#' @name ibdg_fh
#' @title FH measure of IBDg
#' @description FH is a proxy mesure of IBDg based on the excess in the observed
#' number of homozygous genotypes within an individual,
#' relative to the mean number of homozygous genotypes expected under random mating
#' (Keller et al., 2011; Kardos et al., 2015; Hedrick & Garcia-Dorado, 2016).
#'
#' \strong{IBDg} is the realized proportion of the individual genome
#' that is identical by descent by reference to the current population
#' under hypothetical random mating
#' (Keller et al., 2011; Kardos et al., 2015; Hedrick & Garcia-Dorado, 2016).
#'
#' This function is using a modified version of the FH measure
#' (constructed using \href{https://www.cog-genomics.org/plink2}{PLINK}
#' \code{-het} option) described in (Keller et al., 2011; Kardos et al., 2015).
#'
#' The novelties are:
#'
#' \itemize{
#' \item \strong{population-wise:} the individual's observed homozygosity is
#' contrasted against the expected homozygosity.
#' Two estimates of the expected homozygosity are provided based
#' on the population and/or the overall expected homozygosity
#' averaged across markers.
#' \item \strong{tailored for RADseq:} instead of using the overall number
#' of markers, the population and the overall expected homozygosity
#' are averaged with the same markers the individual's are genotyped for.
#' This reduces the bias potentially introduced by comparing the individual's
#' observed homozygosity (computed from non-missing genotypes) with
#' an estimate computed with more markers found at the population or at the
#' overall level.
#' }
#'
#' The FH measure is also computed in
#' \href{https://github.com/thierrygosselin/stackr}{stackr} \emph{summary_haplotypes}
#' function and \href{https://github.com/thierrygosselin/grur}{grur}
#' \emph{missing_visualization} functions.
#' See theory below for the equations.
#' @inheritParams radiator_common_arguments
#' @param data (4 options) A file or object generated by radiator:
#' \itemize{
#' \item tidy data
#' \item Genomic Data Structure (GDS)
#' }
#'
#' \emph{How to get GDS and tidy data ?}
#' Look into \code{\link{tidy_genomic_data}},
#' \code{\link{read_vcf}} or
#' \code{\link{tidy_vcf}}.
#' @param path.folder (path, optional) By default will print results in the working directory.
#' Default: \code{path.folder = NULL}.
#' @param ... (optional) To pass further arguments for fine-tuning the function.
#' @return A list is created with 4 objects:
#' \itemize{
#' \item \code{$fh}: the individual's FH values
#' \item \code{$fh.stats}: the population and overall FH values.
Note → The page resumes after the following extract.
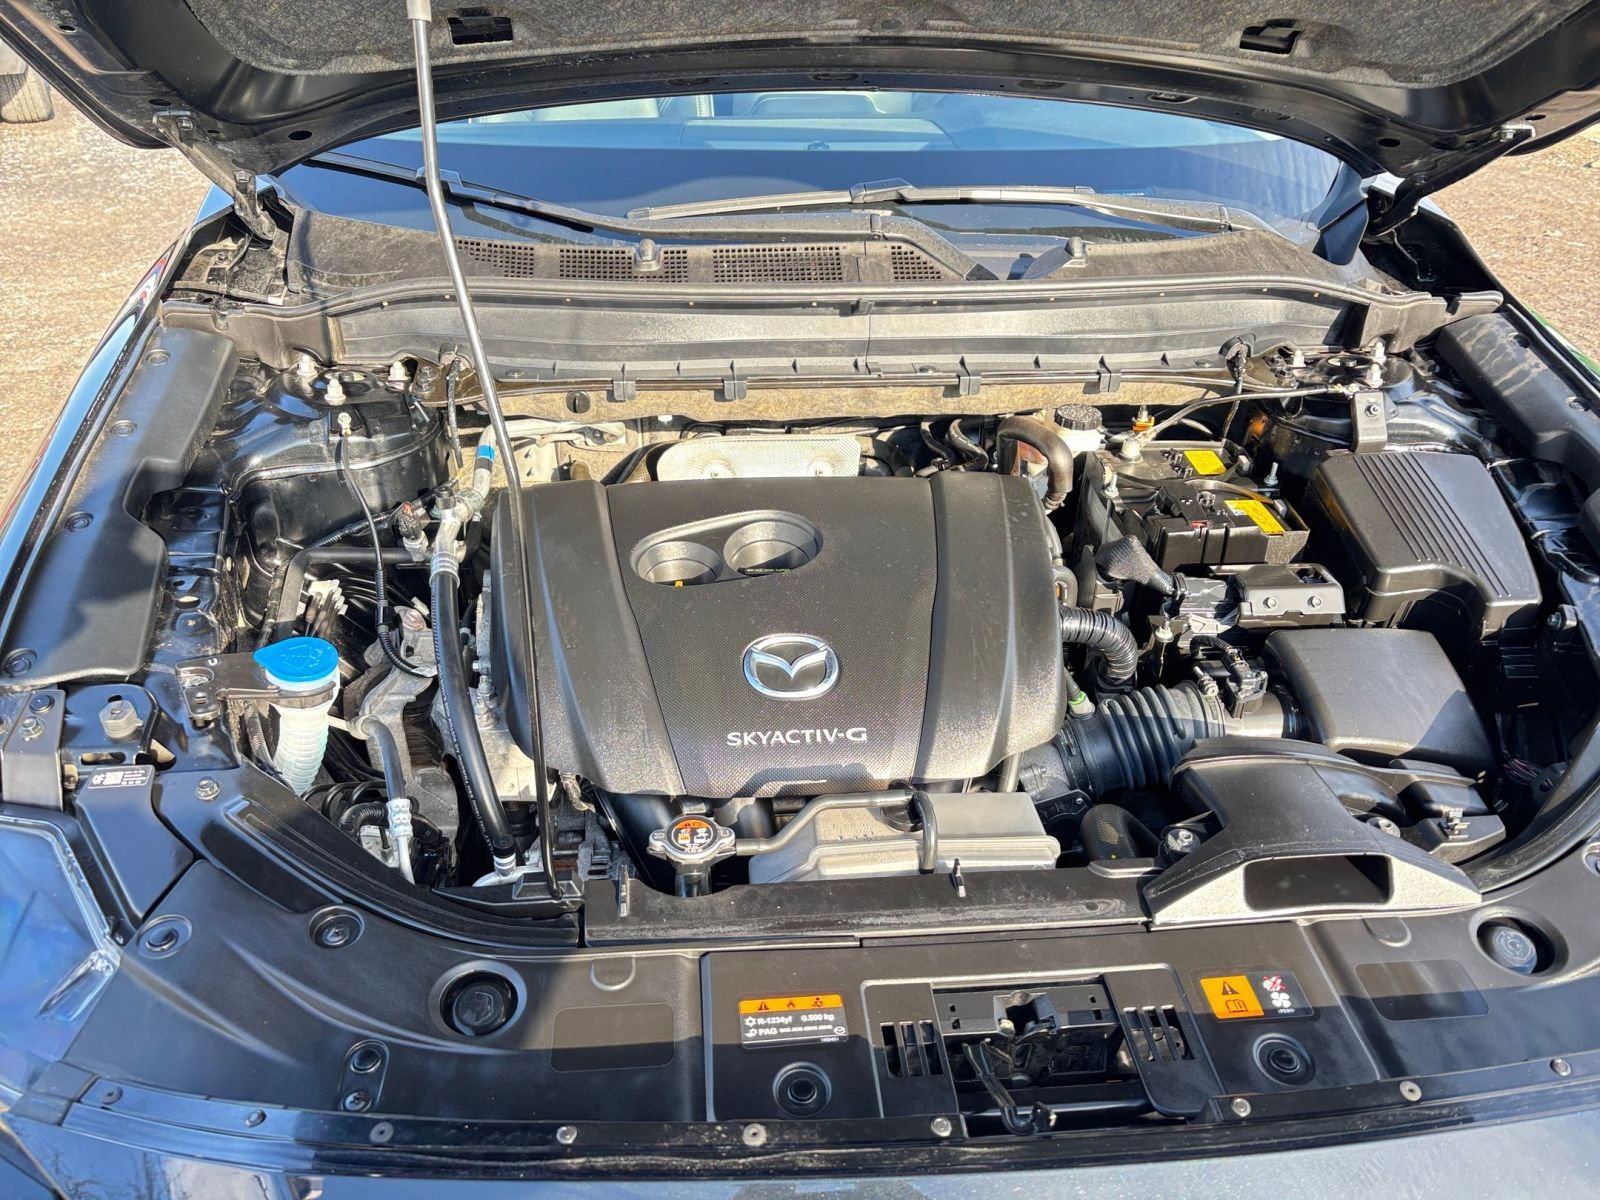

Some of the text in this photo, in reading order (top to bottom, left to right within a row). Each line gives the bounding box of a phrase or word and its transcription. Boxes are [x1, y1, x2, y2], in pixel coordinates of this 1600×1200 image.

These values are
#' calculated by averaging individual FH across samples and populations.
#' \item \code{$fh.box.plot}: the boxplot.
#' \item \code{$fh.distribution.plot}: the histogram.
#'}
#'
#' FH measure is on average negative when the parents are less related than
#' expected by random mating. The distribution \code{fh.distribution.plot}
#' should be centered around 0 in samples of non-inbred individuals.
#' @section Theory:
#'
#' \strong{Modified FH:}
#' \deqn{F_{h_i} = \frac{\overline{Het}_{obs_{ij}} - \overline{Het}_{exp_j}}{\sum_{i}snp_{ij} - \overline{Het}_{exp_j}}}
#'
#' \strong{Individual Observed Heterozygosity averaged across markers:}
#' \deqn{\overline{Het}_{obs_i} = \frac{\sum_iHet_{obs_i}}{\sum_i{snp_i}}}
#'
#' \strong{Population expected Heterozygosity (under Hardy-Weinberg) and
#' tailored by averaging for each individual using his genotyped markers:}
#' \deqn{\overline{Het}_{exp_j} = \frac{\sum_jHet_{exp_j}}{\sum_j{snp_j}}}
#' @section Advance mode:
#'
#' \emph{dots-dots-dots ...} allows to pass several arguments for fine-tuning the function.
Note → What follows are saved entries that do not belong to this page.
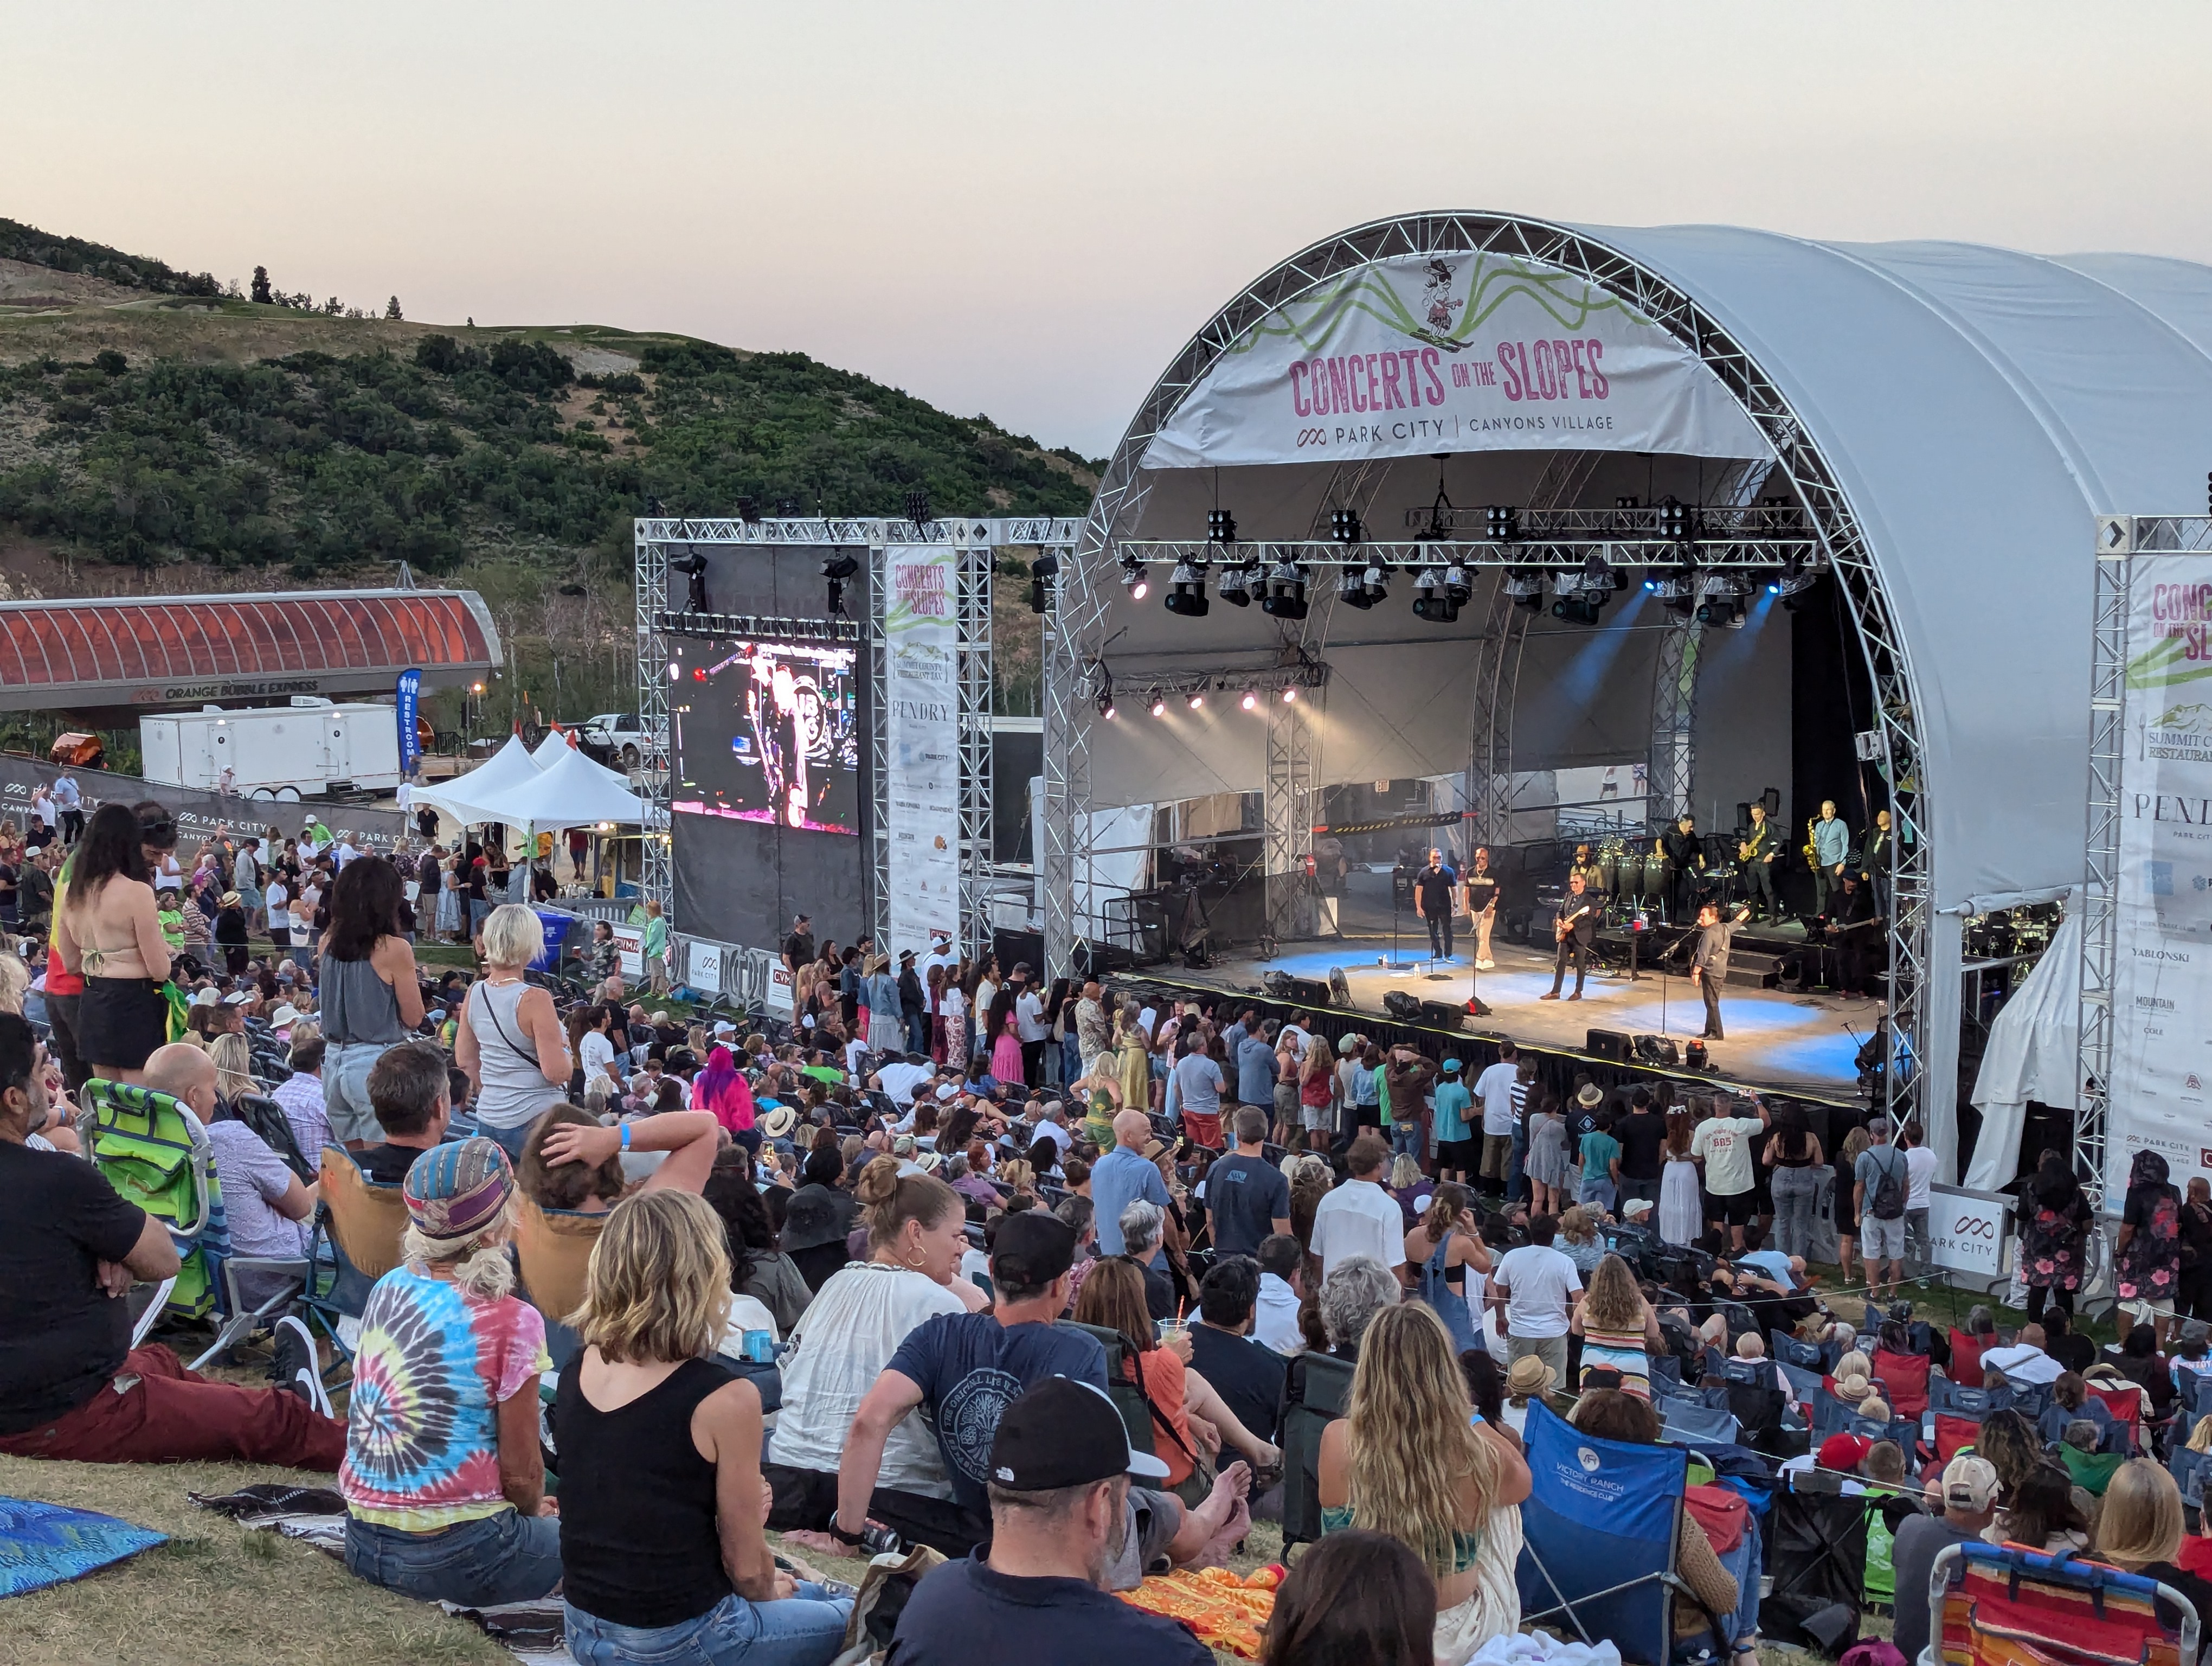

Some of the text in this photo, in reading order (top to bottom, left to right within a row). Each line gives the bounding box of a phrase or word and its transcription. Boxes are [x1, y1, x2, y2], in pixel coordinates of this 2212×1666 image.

[1289, 339, 1609, 417] CONCERTS ON THE SLOPES
[1336, 416, 1613, 444] PARK CITY CANYONS VILLAGE
[896, 564, 944, 589] CONCERTS
[911, 589, 944, 616] SLOPES
[2153, 584, 2212, 621] CONC
[2185, 623, 2212, 661] SL
[165, 680, 319, 700] ORANGE BUBBLE EXPRESS
[892, 700, 949, 722] PENDRY
[404, 695, 415, 763] RESTROOM
[2149, 732, 2201, 747] SUMMIT
[239, 822, 267, 832] CITY
[359, 831, 420, 845] PARK CTY
[2131, 948, 2190, 963] YABLONSKI
[774, 971, 791, 984] CVM
[2136, 996, 2175, 1010] MOUNTAIN
[1930, 1237, 1993, 1256] ARK CITY
#' These arguments are described in \code{\link{tidy_genomic_data}}.
#' \itemize{
#' \item filter.monomorphic = TRUE (default)
#' \item filter.common.markers = FALSE. The argument for common markers
#' between populations is set by default to maximize genome coverage of
#' individuals and populations.
#' }
#' @examples
#' \dontrun{
#' # Using a VCF file, the simplest for of the function:
#' fh <- ibdg_fh(data = "sturgeon.gds")
#'
#' # To see what's inside the list
#' names(fh)
#'
#' # To view the boxplot:
#' fh$fh.boxplot
#'
#' # To view the distribution of FH values:
#' fh$fh.distribution.plot
#' }
#' @references Keller MC, Visscher PM, Goddard ME (2011)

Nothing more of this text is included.